L’intelligence artificielle a besoin des humanistes Les philosophes, linguistes et historiens peuvent contribuer à rendre l’IA plus humaine

Le débat sur l’intelligence artificielle est souvent ponctué de questions sur la dangerosité de ces technologies pour l’être humain, sur le moment où elles prendront notre travail et sur combien notre vie a changé et changera à l’avenir, mais une question beaucoup plus humaine et naturelle émerge de plus en plus : comment devons-nous coexister avec cette technologie ? Pour y répondre, nous nous en remettons de plus en plus à des professionnels qui, apparemment, n’ont pas de compétences STEM, mais viennent de domaines humanistes. Les sciences humaines, trop souvent considérées comme fragiles ou même « inutiles » sur le marché du travail, redécouvrent une centralité fondamentale précisément grâce à l’IA. Ce ne sont pas seulement des universitaires nostalgiques qui prêchent pour leur paroisse qui le disent, mais aussi des professionnels du secteur comme Steven Johnson, directeur éditorial de NotebookLM chez Google Labs, qui a déclaré à Business Insider que les compétences en sciences humaines sont « plus précieuses que jamais » dans le développement de l’IA. La raison en est que ces technologies interagissent avec des personnes, des cultures, des valeurs, et qu’il faut donc quelqu’un qui sache poser les bonnes questions pour interpréter le contexte et, par conséquent, enseigner les bonnes choses à la machine. Amanda Askell, philosophe chargée du finetuning chez la startup générative Anthropic, réfléchit à son rôle concernant Claude (le chatbot d’Anthropic, concurrent de ChatGPT) et, dans une interview accordée au Time, admet que c’est précisément grâce à sa formation philosophique qu’elle a réussi à rendre le chatbot plus amical, curieux et créatif.

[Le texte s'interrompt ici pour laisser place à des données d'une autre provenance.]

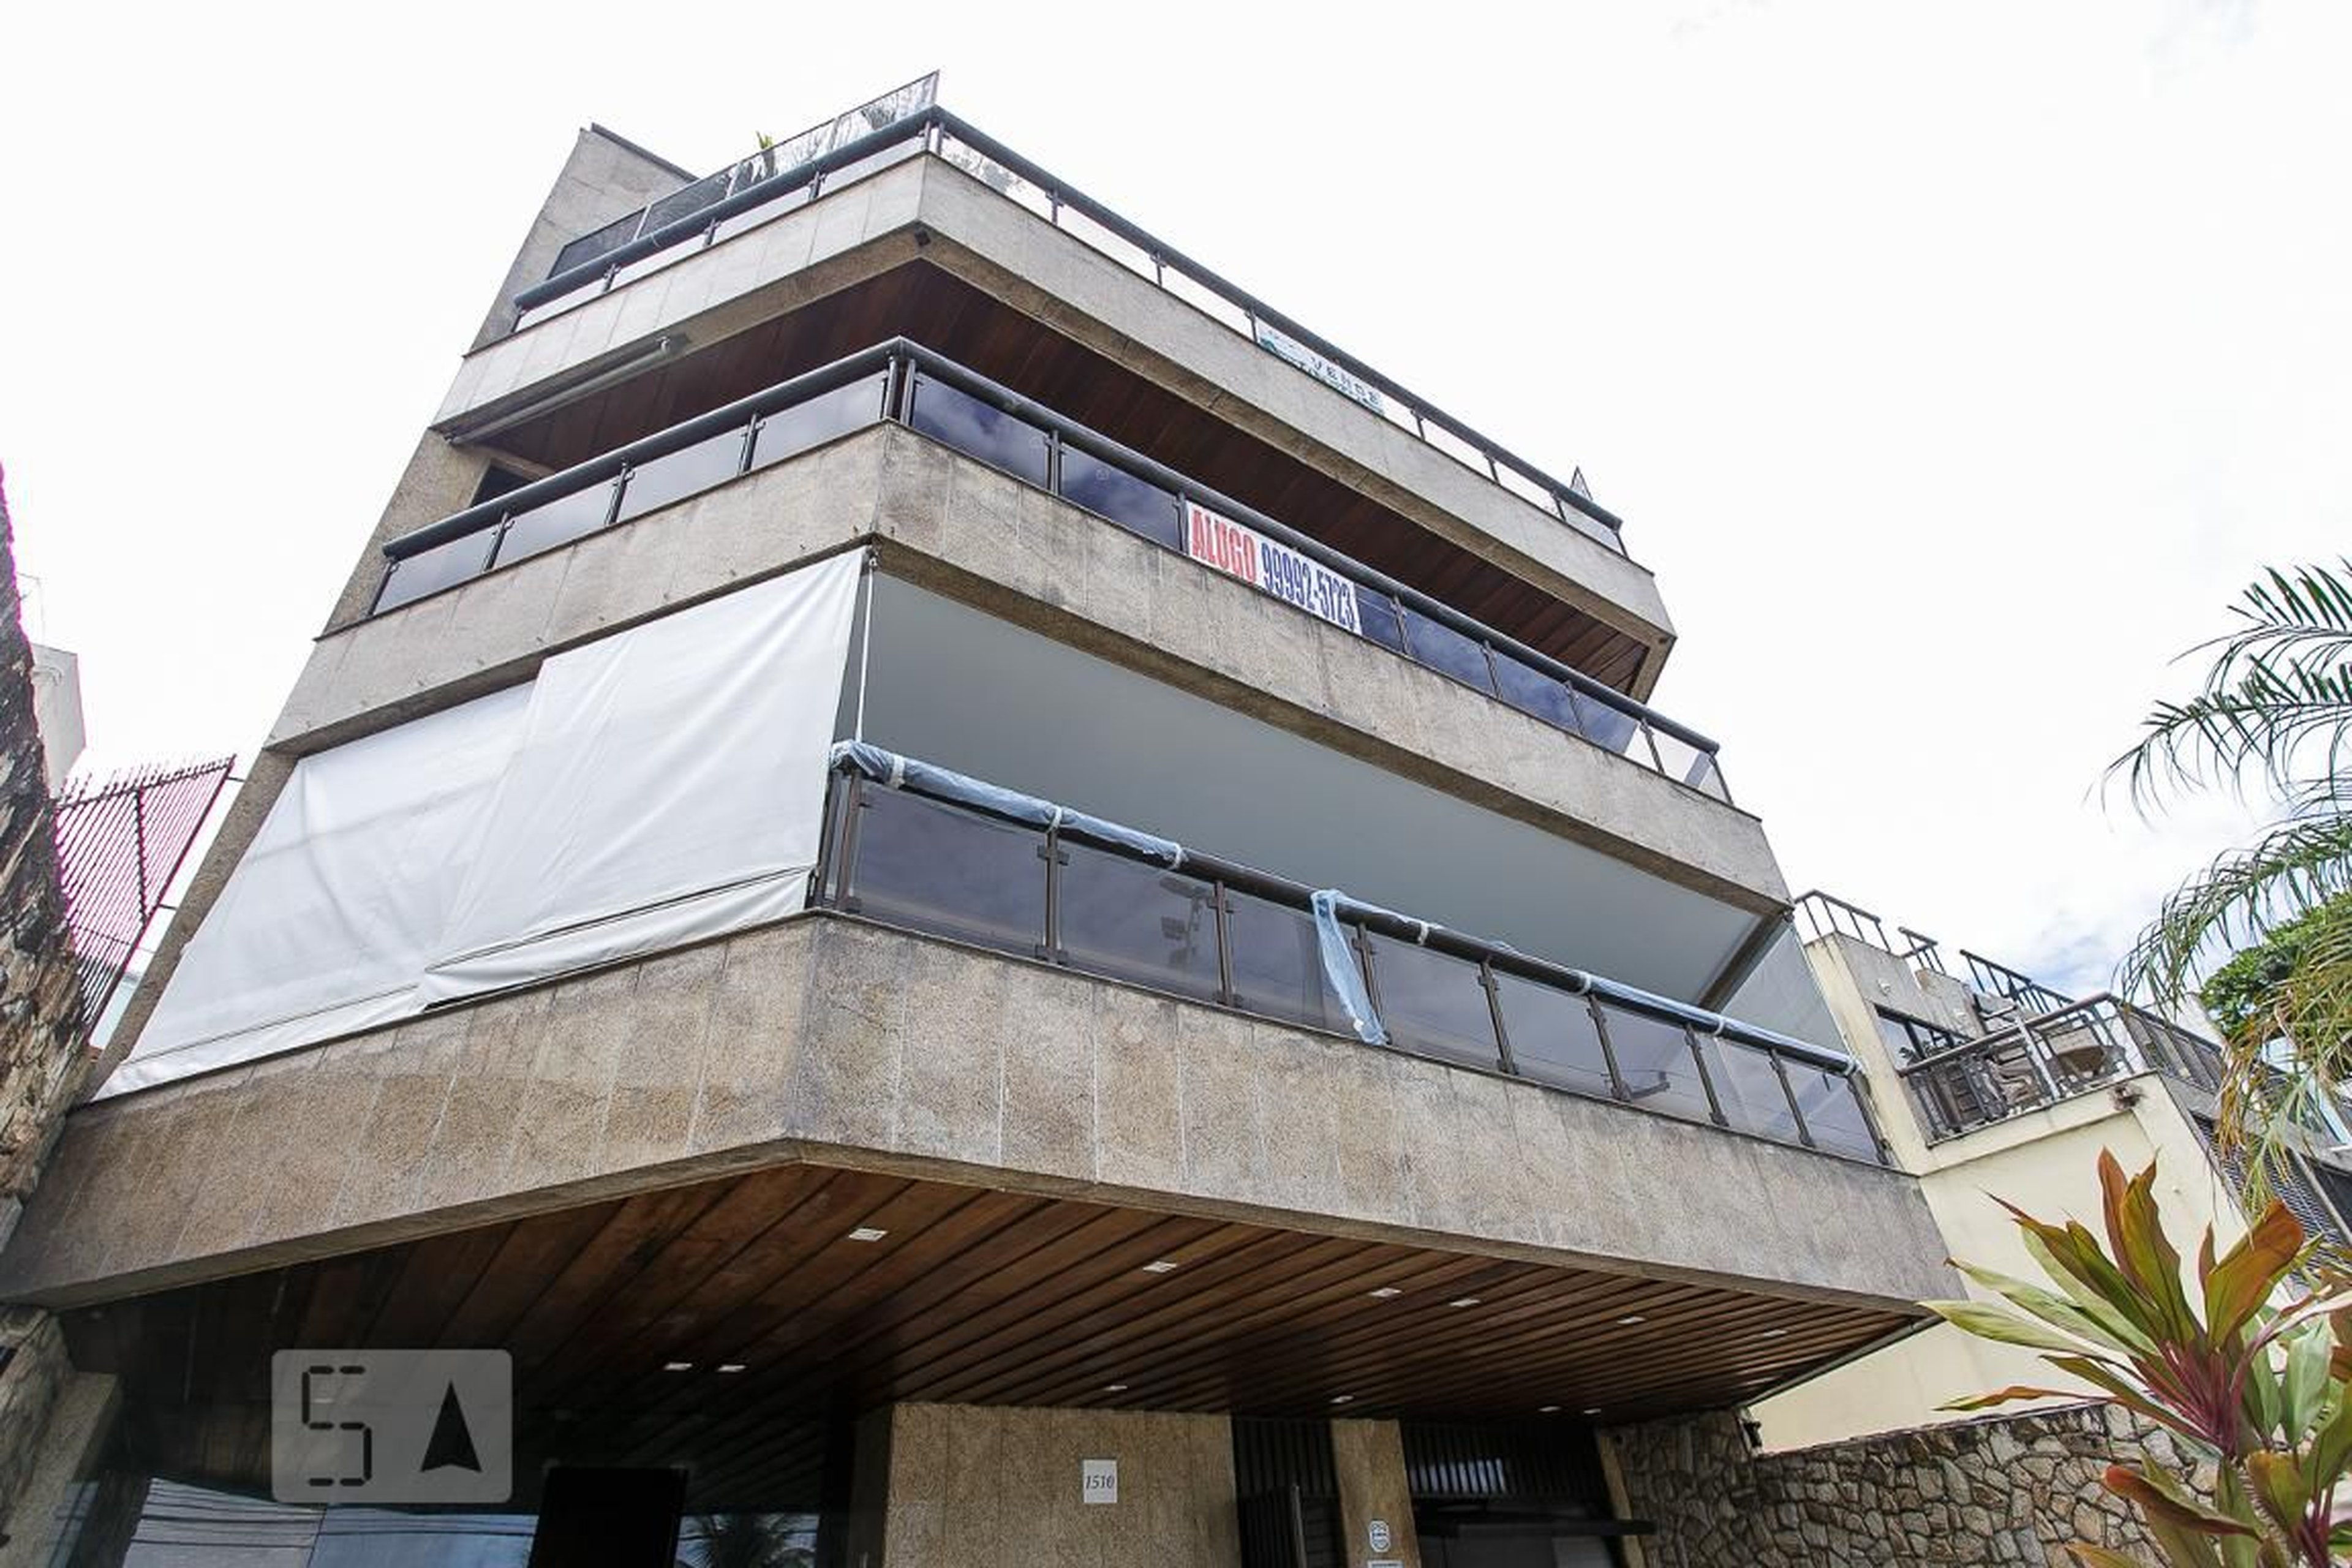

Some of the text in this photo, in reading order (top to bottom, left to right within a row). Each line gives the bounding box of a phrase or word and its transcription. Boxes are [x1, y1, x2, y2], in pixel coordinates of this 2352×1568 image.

[1192, 510, 1355, 631] ALUGO 99992-5723
[1086, 1475, 1115, 1490] 1510
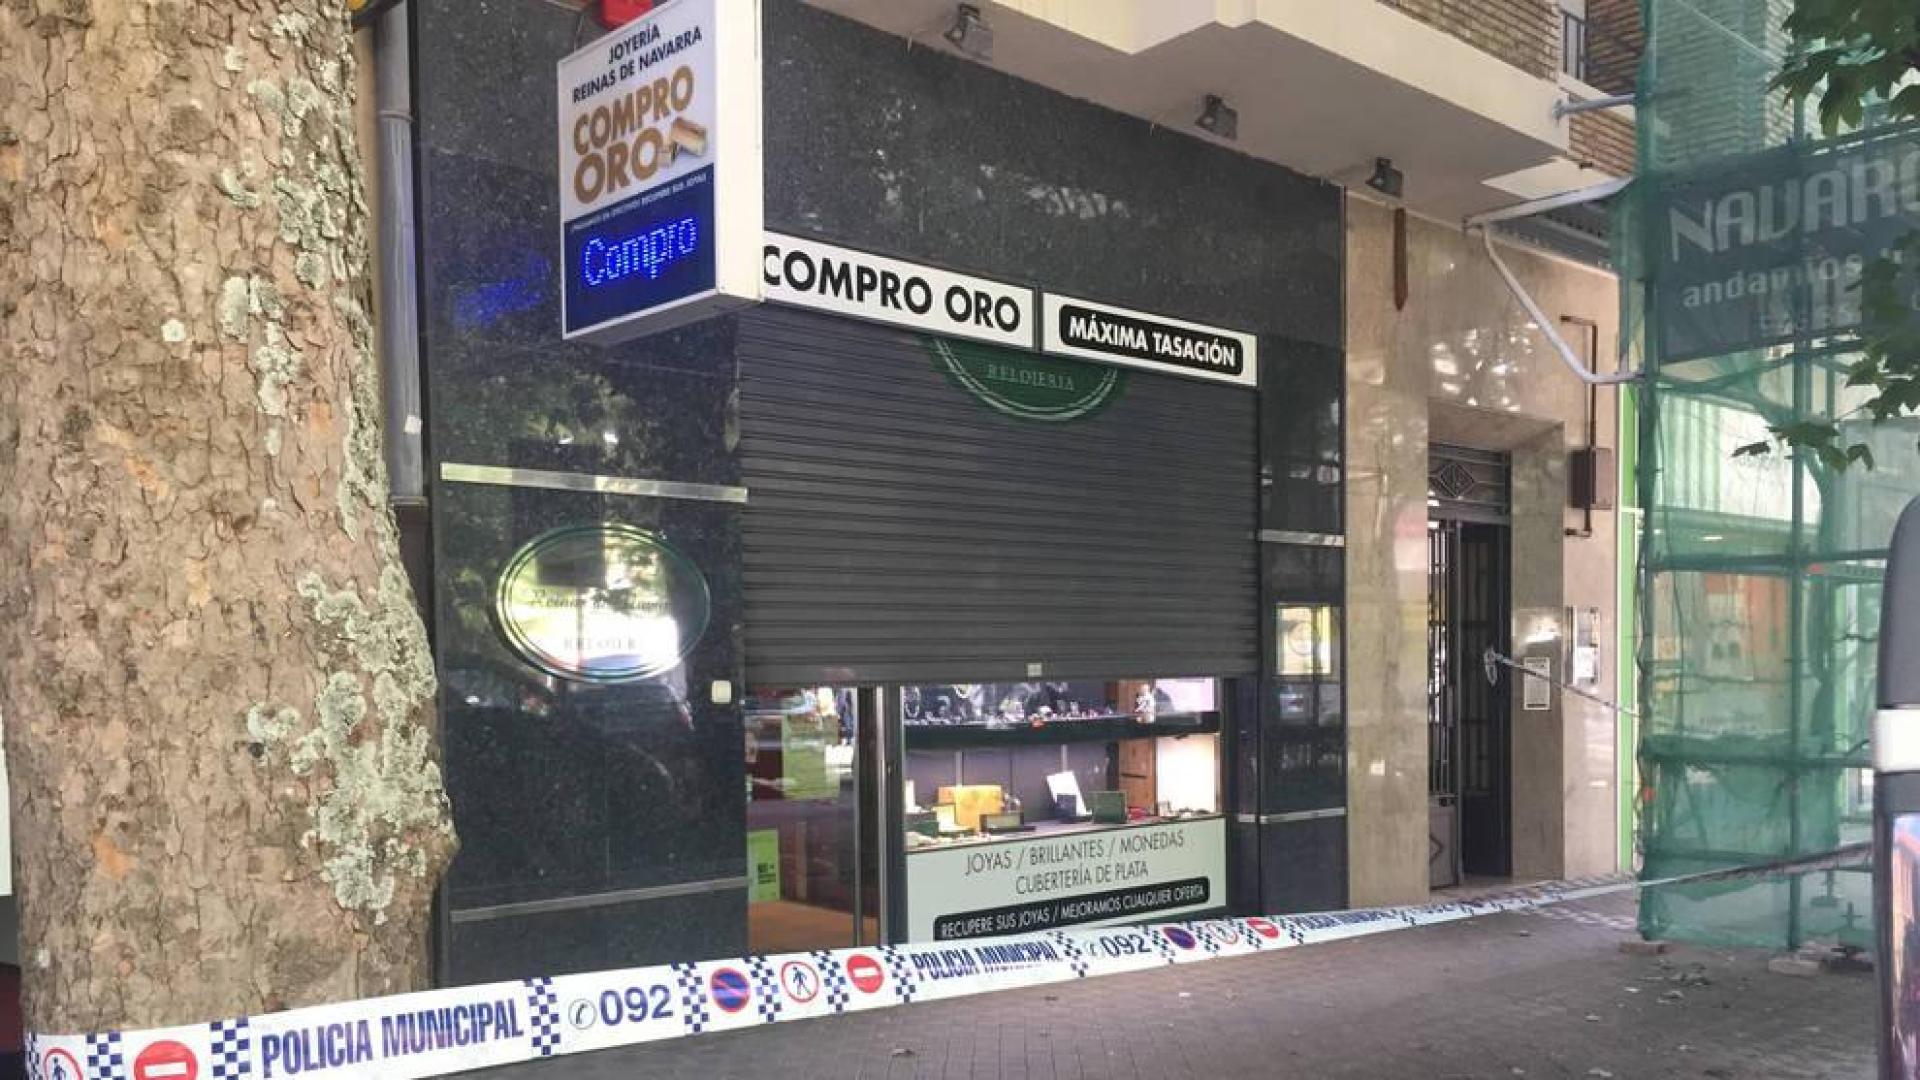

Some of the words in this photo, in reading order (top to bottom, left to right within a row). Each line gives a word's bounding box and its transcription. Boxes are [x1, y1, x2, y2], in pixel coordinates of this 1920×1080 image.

Askell a travaillé davantage sur les questions et le langage humain que sur la programmation technologique, afin que Claude admette l’incertitude, se remette en question et précise qu’il ne possède ni sentiments, ni mémoire, ni conscience de soi. De cette manière, l’utilisateur pourra avoir une interaction plus consciente et critique avec l’IA. C’est le paradoxe de notre époque : l’IA, pour bien fonctionner, a besoin de ceux qui savent défier intellectuellement ces nouvelles technologies, de ceux qui savent s’interroger et de ceux qui ne peuvent pas, ou ne parviennent pas, à imiter entièrement. Il s’agit donc de philosophes, de littéraires et d’humanistes. En effet, même le monde du travail, qui se tourne de plus en plus vers des compétences technologiques dans le domaine de l’IA, subit un retour vers les sciences humaines. Selon un rapport du Forum Économique Mondial, d’ici fin 2025, parmi les compétences les plus recherchées sur le marché du travail mondial figureront la pensée analytique, l’innovation, la résolution de problèmes complexes et la créativité. Toutes ces compétences ont un lien fort avec les sciences humaines et sociales, car ces études sont capables de former la flexion critique nécessaire pour relever les défis posés par la technologie. Fabio Costantini, PDG de Randstad HR Solutions, partage également cet avis. Dans un article publié dans Il Sole 24 Ore, il affirme que « l’intelligence artificielle transforme rapidement notre manière de travailler, de vivre et de prendre des décisions. Mais [...] elle risque de réduire la capacité humaine à développer des compétences critiques et créatives. [...] Les sciences humaines servent à dépasser les limites de l’IA ». Seule une pensée critique peut reconnaître les biais cachés, concevoir des interfaces inclusives et imaginer des scénarios qui vont au-delà de l’efficacité. Dans ce contexte, il se crée donc une alliance inhabituelle entre IA et humanistes même dans le monde académique et de la recherche. Des outils de machine learning permettent aux historiens d’analyser des milliers de documents, aux archéologues de reconstruire des sites perdus, aux linguistes d’explorer les mutations du langage en temps réel.